The Applicants essentially pray to the Committee to urge Senegal to accelerate the process of the law which concerns the functioning of the daaras, to effectively apply the existing laws and to demonstrate the political will to punish the marabouts who force the children to beg, to adopt adequate measures for the inclusion of children who have been victims of forced begging. Furthermore, the Committee was requested to make use of its power to conduct an on-site investigation on the situation of the talibés in Senegal.

Respondent’s Argument
The Respondent argued that the protection of childhood remains a priority in the politics of Senegal. It referred to international law and its Constitution which impose an obligation on Senegal to protect the rights of the child. The state highlighted the various codes, projects, policies, strategies and national plans of actions which concern the protection of children.
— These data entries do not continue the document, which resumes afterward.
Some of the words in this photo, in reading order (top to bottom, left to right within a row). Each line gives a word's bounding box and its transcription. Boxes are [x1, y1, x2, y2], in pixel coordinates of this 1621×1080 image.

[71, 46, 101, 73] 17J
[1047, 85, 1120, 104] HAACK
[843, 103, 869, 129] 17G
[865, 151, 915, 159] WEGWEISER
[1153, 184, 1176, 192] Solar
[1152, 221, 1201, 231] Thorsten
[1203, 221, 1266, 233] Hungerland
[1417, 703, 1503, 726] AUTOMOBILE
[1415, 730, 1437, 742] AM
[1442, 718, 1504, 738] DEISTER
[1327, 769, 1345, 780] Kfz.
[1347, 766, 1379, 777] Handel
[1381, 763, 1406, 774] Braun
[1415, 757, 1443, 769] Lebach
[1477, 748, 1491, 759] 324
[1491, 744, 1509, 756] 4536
It pointed out to the National Strategy for the Protection of the Child, adopted on 27 December 2013, which focuses on childhood.
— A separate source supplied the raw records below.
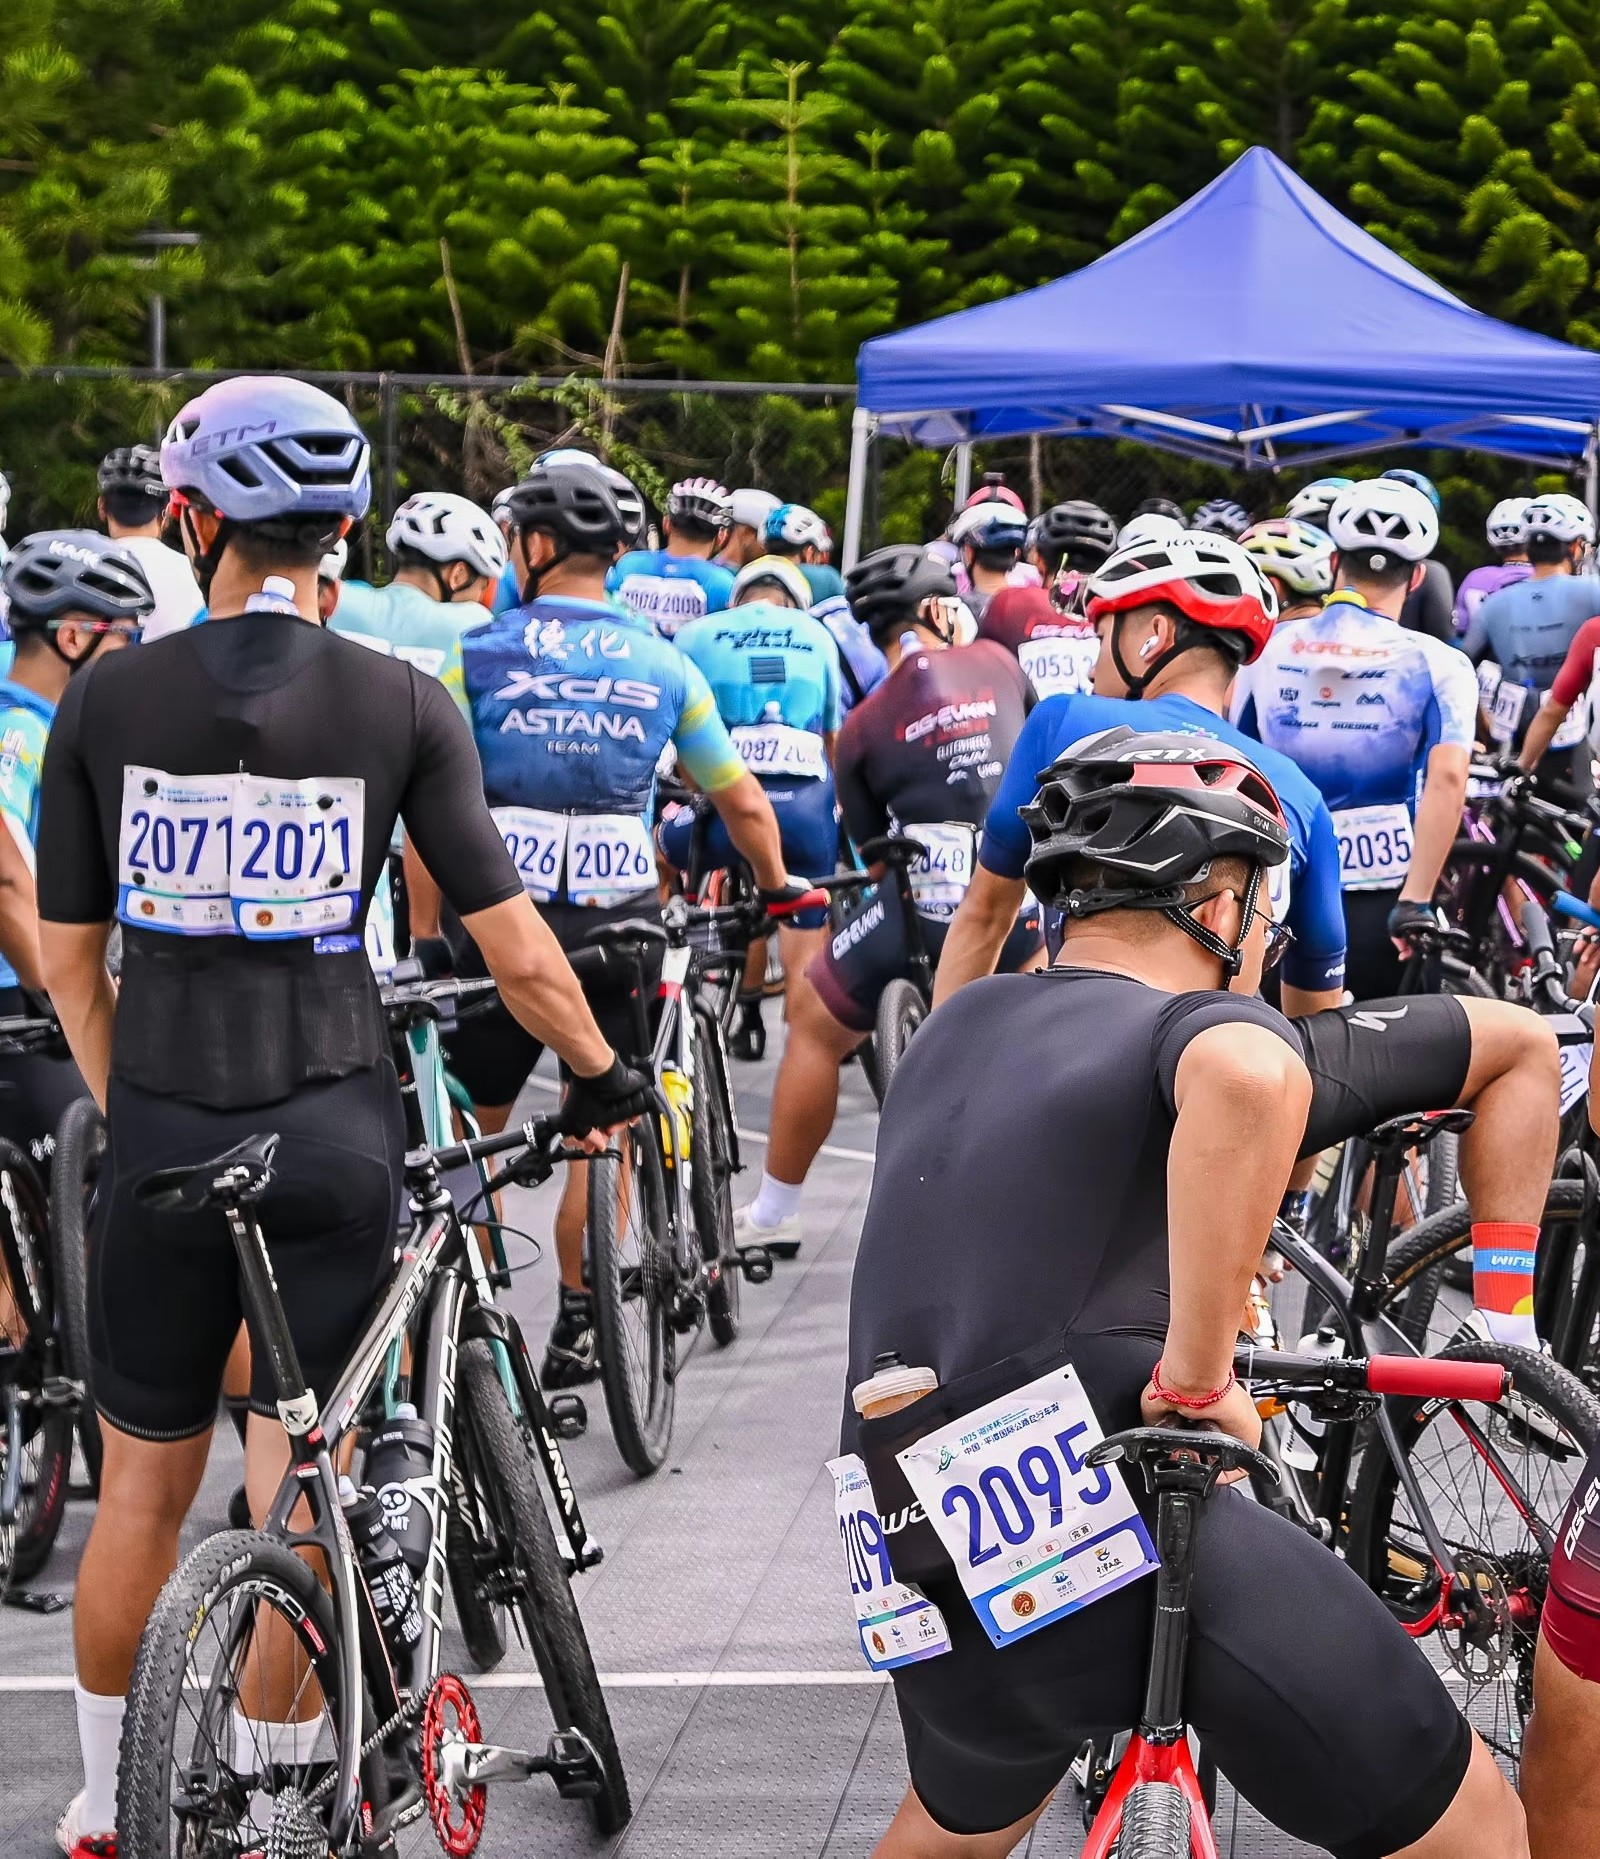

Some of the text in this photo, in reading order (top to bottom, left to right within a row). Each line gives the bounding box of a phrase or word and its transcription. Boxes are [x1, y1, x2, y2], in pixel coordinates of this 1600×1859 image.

[500, 707, 648, 744] ASTANA
[547, 740, 601, 755] TEAM
[129, 809, 351, 881] 2071 2071
[505, 834, 649, 878] 026 2026
[1339, 828, 1411, 870] 2035
[959, 1431, 978, 1447] 2025
[942, 1420, 1113, 1569] 2095
The State acknowledged that the phenomenon of forced child begging is against the best interests of the child and made reference to the workshop held from 31 January to 1 February 2013 for the elaboration of strategic plans of actions for the eradication of child begging and the meeting of the inter-ministerial council on the managing of child begging on 8 February 2013. A number of recommendations were validated namely the retreat of all child beggars from the street, their re-integration, social policy communication for a change in behaviour and the prevention of child begging amongst others.
There has been the establishment of a national committee for the protection of the child, regional committees for the protection of the child and departmental committees for the protection of the child. The motivation behind the establishment of these committees was to implement a national system which integrates protection and to support and promote social change.
They referred to several actions which are in progress namely:

  • Renewal of the National Parliament for Children;
  • Mapping of daaras ;
  • Implementation of the framework plan against child labour;
  • Training of CRPE and CDPE in the regions and departments;
  • Setting-up of a network of voluntary elders protectors of children;
  • Validation of the Code of the Child ;
  • Validation of the study on the factors rendering children vulnerable children in Senegal ;
  • Elaboration and validation of the initial and follow-up reports on the optional protocol to the CDE.
  • Sharing the recommendations of the report of the African Charter for the Rights and Welfare of the Child.
  • Harmonised curriculum
  • Modernisation of daaras.  

It also made reference to the different actions adopted by different Ministries to combat the issue of forced child begging and the role of civil society organisations and international partners.
A follow-up group comprising of several sectors is set up, it concerns an executive committee : Ministry of Women, of the Family and Childhood, Ministry of Justice, Ministry of Public Function, Ministry of Education, Ministry of Interior, Ministry of Armed Forced, Ministry of Foreign Affairs, Delegation to the Social Protection and National Solidarity, the CAPE, « La Cellule Nationale de Lutte contre la Traite des Personnes », l’UNICEF, the CONAFE, Save the Children, World Vision, « le Collectif des Maitres Coraniques ».
The political and social measures to combat forced child begging were highlighted. Reference was made to the campaign that is going on against forced child begging. The government acknowledged that the phenomenon of child begging is one which requires immediate attention but nevertheless there is a lack of resources to address to the issue.

The Committee’s decision
The Committee stated that they are going to decide on the matter after an on-site investigation to Senegal around June or July 2014.

[1] Page 4 of the Communication.

[2] As above.

[3] Article 245 to 247(b) of the Penal Code.